Uhm... dan Draco baru sadar kalau minggu depan sudah mulai liburan musim panas. Sial!

Draco Malfoy tidak pernah menyukai liburan musim panas karena itu artinya ia akan ditinggal berdua dengan Bibi Bellatrixnya menjaga rumah. Karna biasanya Daddy dan Mommynya selalu punya urusan dengan kolega di Prancis. Draco mengistilahkan hal itu dengan Honeymoon tahunan terselubung.

Dan alasan paling menyebalkan yang diungkapkan padanya adalah karena ia sudah High School sekarang, Lucius tidak merasa harus membawa-bawa Draco bersamanya seperti saat ia kecil dulu.
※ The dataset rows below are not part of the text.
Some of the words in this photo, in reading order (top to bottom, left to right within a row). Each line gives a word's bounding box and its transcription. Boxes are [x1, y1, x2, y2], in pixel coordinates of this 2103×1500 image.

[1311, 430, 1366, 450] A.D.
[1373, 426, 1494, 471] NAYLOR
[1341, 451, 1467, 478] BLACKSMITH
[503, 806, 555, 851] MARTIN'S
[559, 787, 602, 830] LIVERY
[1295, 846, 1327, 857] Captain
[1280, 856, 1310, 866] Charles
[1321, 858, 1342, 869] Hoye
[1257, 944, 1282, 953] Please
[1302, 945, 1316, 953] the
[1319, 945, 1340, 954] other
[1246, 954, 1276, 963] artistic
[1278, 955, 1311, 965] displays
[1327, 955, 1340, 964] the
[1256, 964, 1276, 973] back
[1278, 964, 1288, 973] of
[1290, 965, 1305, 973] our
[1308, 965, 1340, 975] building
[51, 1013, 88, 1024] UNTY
Haaah..

Draco tidak pernah keberatan dengan ide ditinggal sendirian di rumah,sebenarnya.

Yang membuatnya berat adalah keberadaan Bibi Bellatrix disana.

Benar-benar berat.

Ia meneliti jalan kota London yang lumayan lengang. Seseorang menabraknya saat ia menuruni tangga menuju trotoar. Basa-basi minta maaf dan keduanya berpisah. Draco heran sendiri di jalanan lengang begini masih ada orang yang bisa menabrak.
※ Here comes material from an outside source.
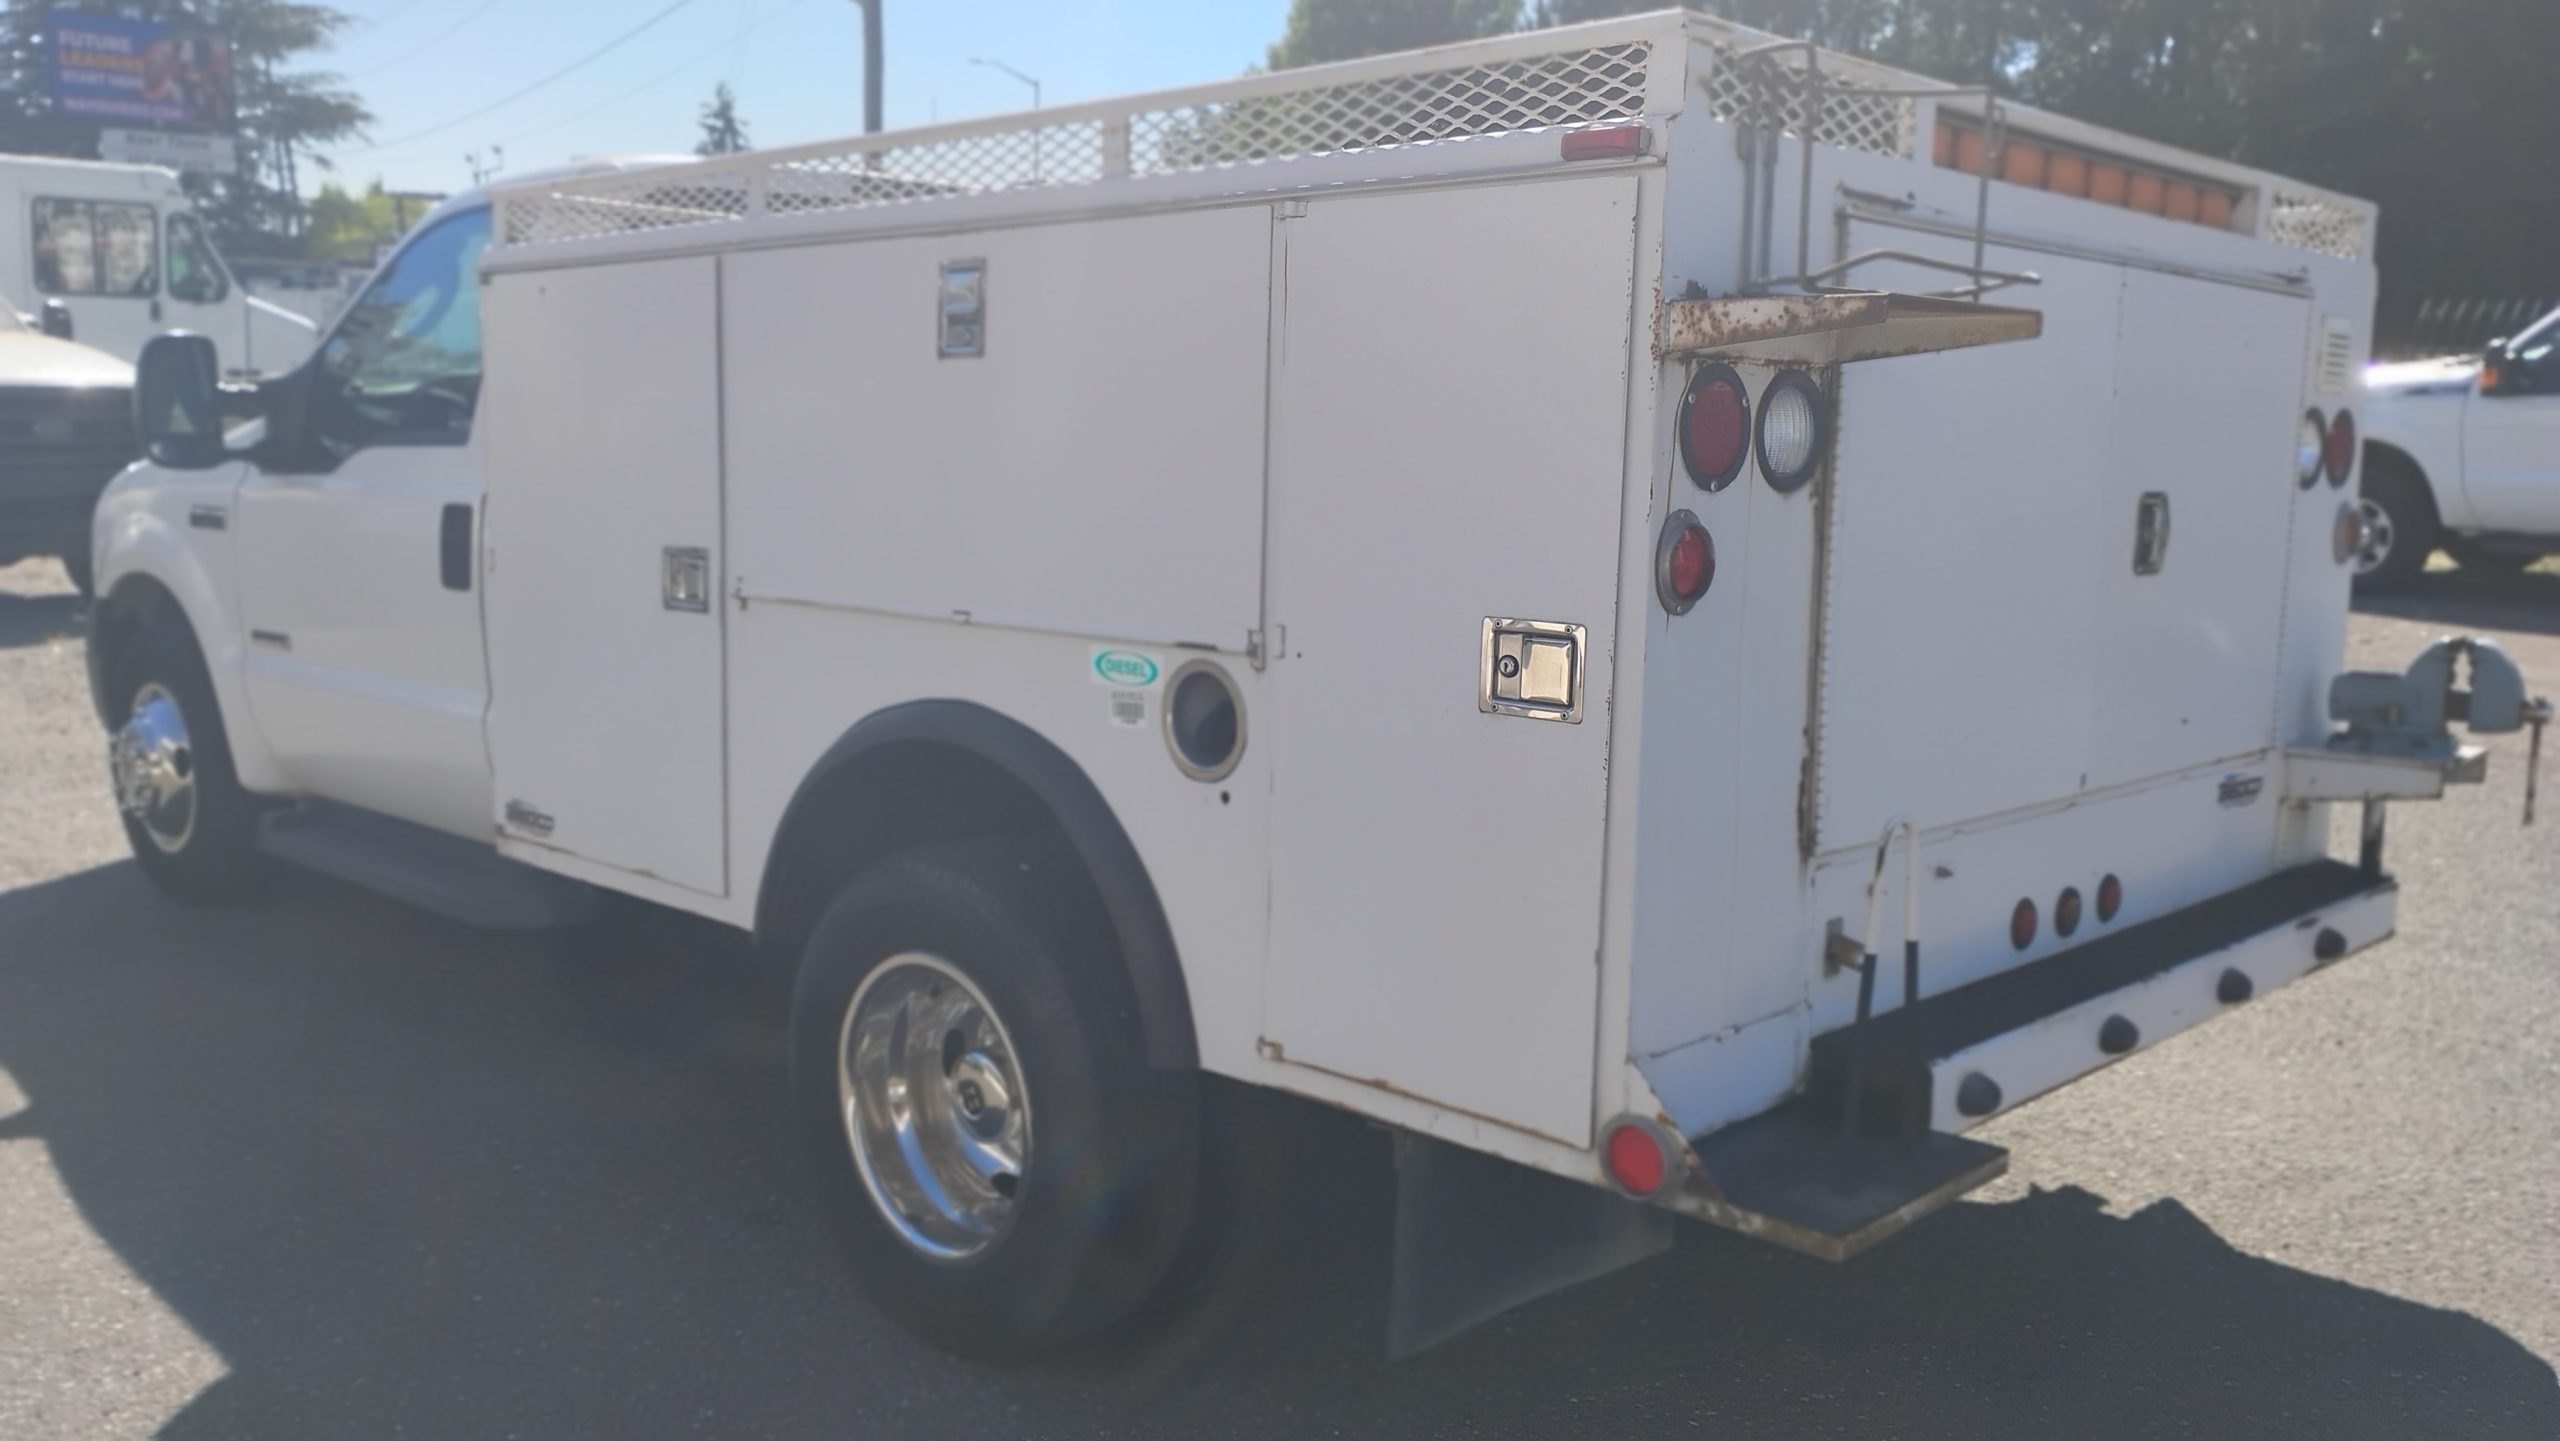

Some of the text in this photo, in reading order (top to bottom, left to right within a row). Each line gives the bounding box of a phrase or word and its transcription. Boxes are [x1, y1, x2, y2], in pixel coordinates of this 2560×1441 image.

[58, 29, 131, 54] FUTURE
[61, 69, 106, 86] START
[1105, 658, 1147, 677] DIESEL
Whatever... sekarang yang harus ia pikirkan adalah menemukan tempat lain agar tidak jenuh menunggu ayahnya - Lucius Malfoy- datang menjemput.

"Awas!", Draco menoleh ke arah selatan dan seseorang bersepeda baru saja menabrak seorang pejalan kaki. Dan tunggu dulu...

Draco mengenal cengiran itu,juga dompet yang direbut si pemilik cengiran dari pejalan kaki yang ditabraknya.

Ah!"Itu pria yang tadi menabrakku kan?",ia memeriksa saku mantelnya dan benar saja tak menemukan dompetnya disana.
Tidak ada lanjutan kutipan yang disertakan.